How to handle missing data in timeseries classification? I'm using 16-channel, 400-Hz, standardized EEG data to train CNN-LSTM for seizure classification. The data contains periods of no recordings (flatlines) - spanning anywhere from seconds to minutes - example images below. 
How should these periods be handled? Help is appreciated.

Methods considered so far:


*

*(1) Cutting out entirely (and then joining segments) $-$ seems unsound, as it conveys a meaningful continuity where none exists

*(2) Interpolation/Imputation $-$ methods vary, but  using generative models to fill the gaps per local distributions doesn't seem unreasonable - any thoughts?

*(3) Noise imputation $-$ a 'cheap' alternative to generative models: replacing flatlines with Gaussian noise w/ $\sigma,\mu=$ local distribution's (nearest $\Delta t$ timesteps on both sides)

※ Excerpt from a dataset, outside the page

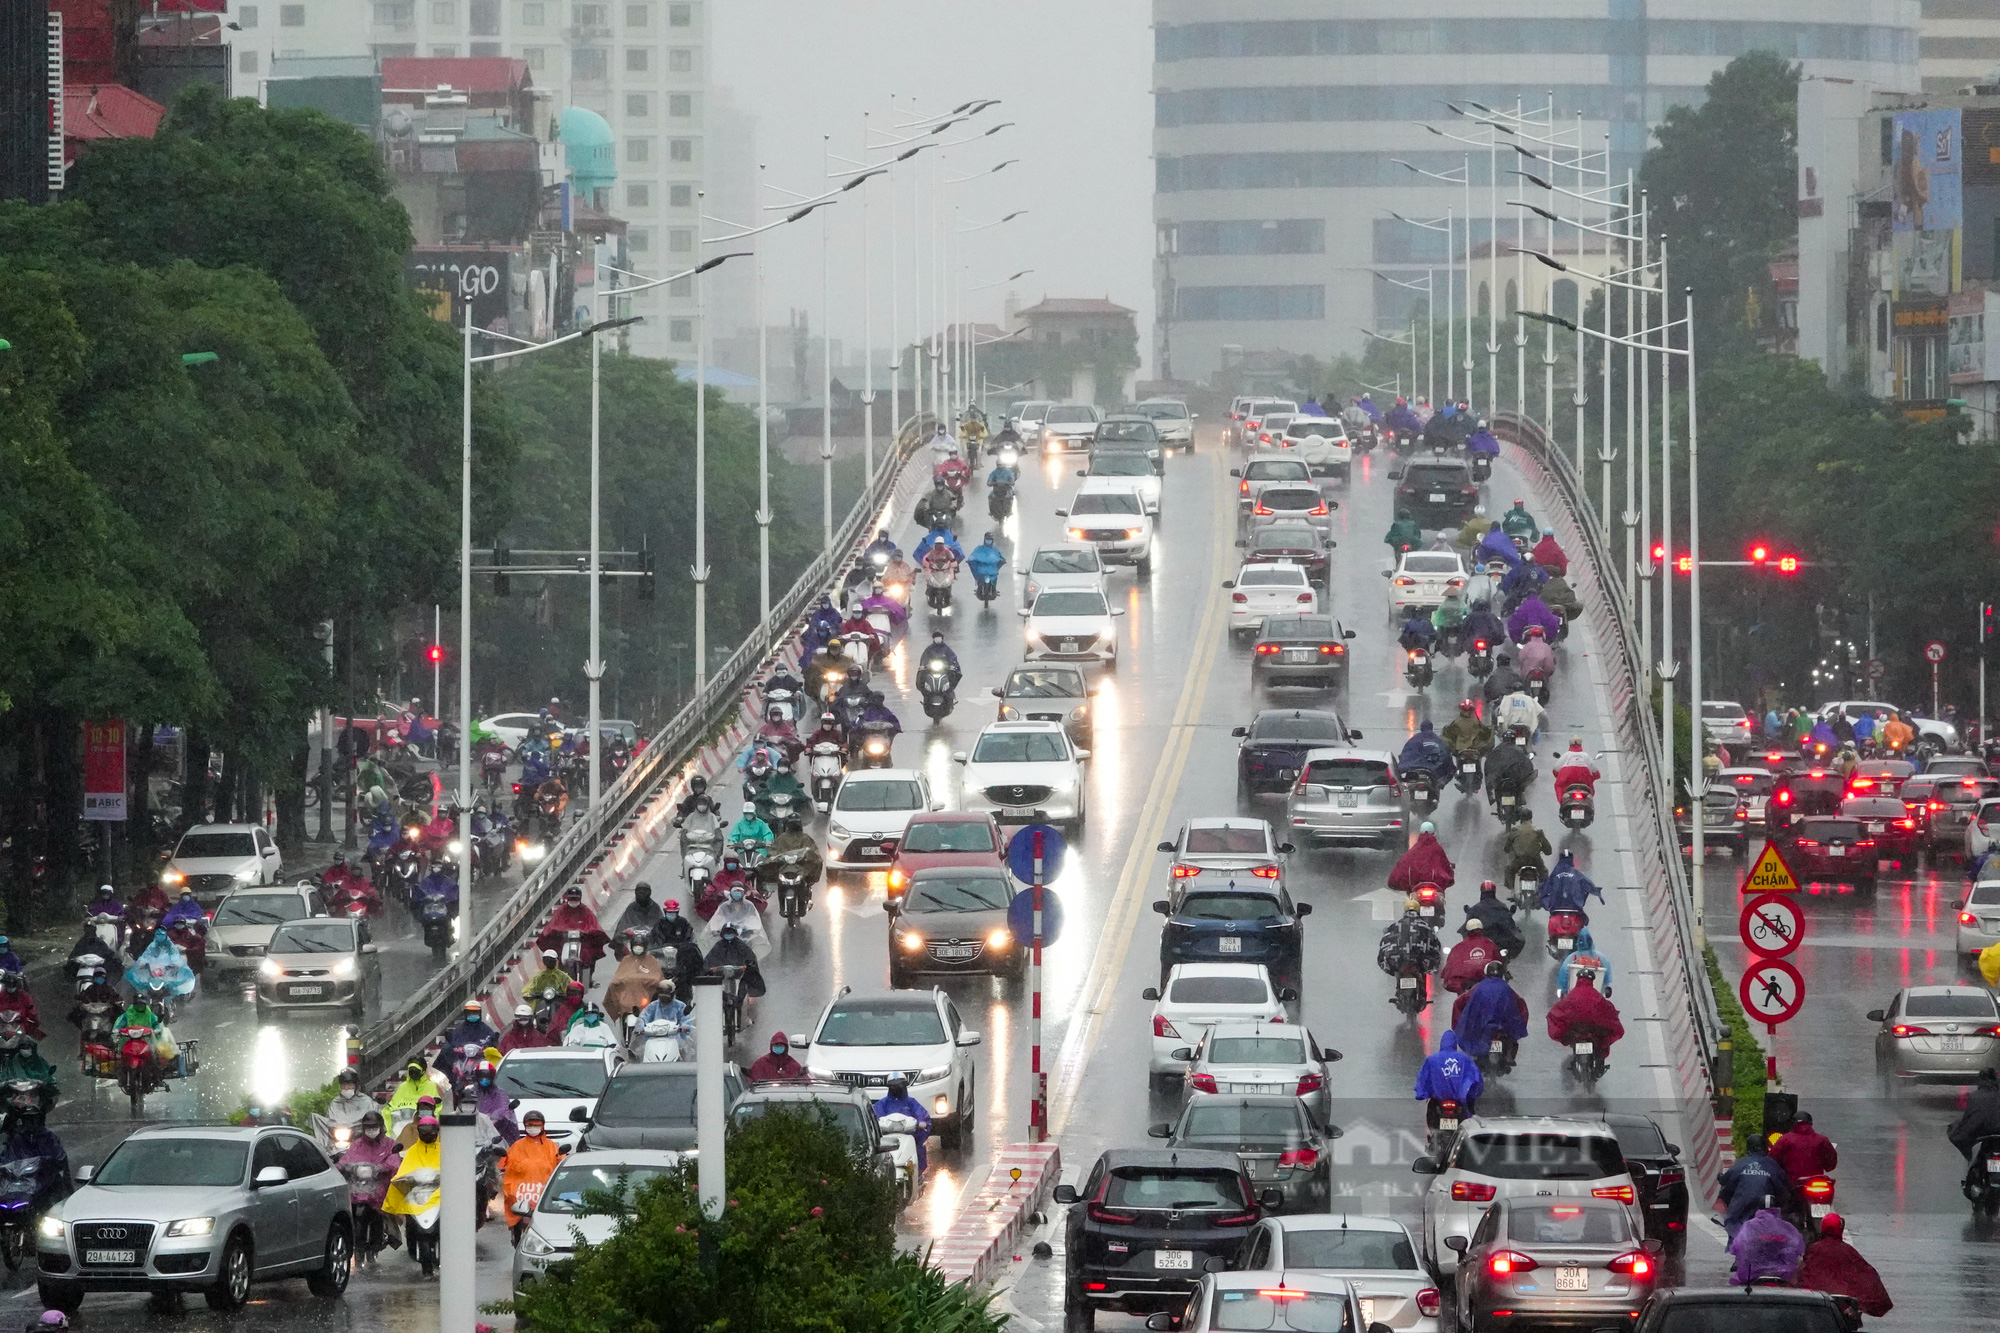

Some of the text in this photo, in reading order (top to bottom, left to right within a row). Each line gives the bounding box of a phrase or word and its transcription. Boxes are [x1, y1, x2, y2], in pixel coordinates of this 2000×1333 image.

*(4) Predictive interpolation $-$ predict the missing segments w/ predictive models




 A: 
Interpolation/Imputation

This all depends on the size of the missing periods relative to the size of the significant periods in your time series. I don't know enough about your EEG data, but I can give you a parallel example from my world of demand forecasting: 
I want to forecast weekly demand, and my data has a yearly seasonality (De,amd for swimsuits will go up in the summer, down in the winter. Demand for coats will go up in the winter, down in the summer. Pumpkin spice product demand will spike in October, etc....). 
For a time series like this, I will interpolate or impute data that is missing for one or two weeks. But I will not interpolate data that is missing for more than a month, since that is the level at which I start having significant seasonal patterns (i.e. my signal starts carrying important information). Interpolating or imputing at the month level will create fake patterns and/or smooth out real ones that are highly significant for my time series. 
And for some weeks of the year or items, even one will be too much to interpolate over without creating false patterns or smoothing out real ones. For some products the week of Christmas or Thanksgiving is very important and I can't just impute it if it is missing.

Cutting out entirely

The same principle applies, but in reverse. If the amount of information is over periods significantly larger than the periods that will display significant patterns, you might as well cut them out.
In my previous weekly demand data example, if I have several years of sales but 2 or 3 years are missing, then I can just cut up my series into 2 or 3 series (depending on where the gaps are) and use each series separately (not that this works only if you are dealing with a large number of parallel series and using a suitable model - for example LSTM). I would be very careful though in this case to remove any trends from data and use the "chopped up" series only for my seasonal patterns (I assume that EEG data doesn't usually have long term trends in it, at least based on your graph). Another way to think of this, is that you are performing a time series boot strapping of sorts by cutting your time series into separate samples.  
I would not join the disjoint time series though, as you risk inserting spurious auto-correlations that don't exist in the data. Just use each resulting sub-series separately.  

Noise imputation. 

This would just boil down to being the same thing as the second case (cutting out entirely) - except that maybe you have a method which requires multiple time series of identical length? Same consideration of relative length of the missing periods to the length of significant patterns applies. 
A: I would certainly go with imputation. In a quite different setting (involving incomplete time series of prices) a colleague and I wrote  Using redundant and incomplete time series for the estimation of cost of living indices that you might want to look at and perhaps adapt to your problem.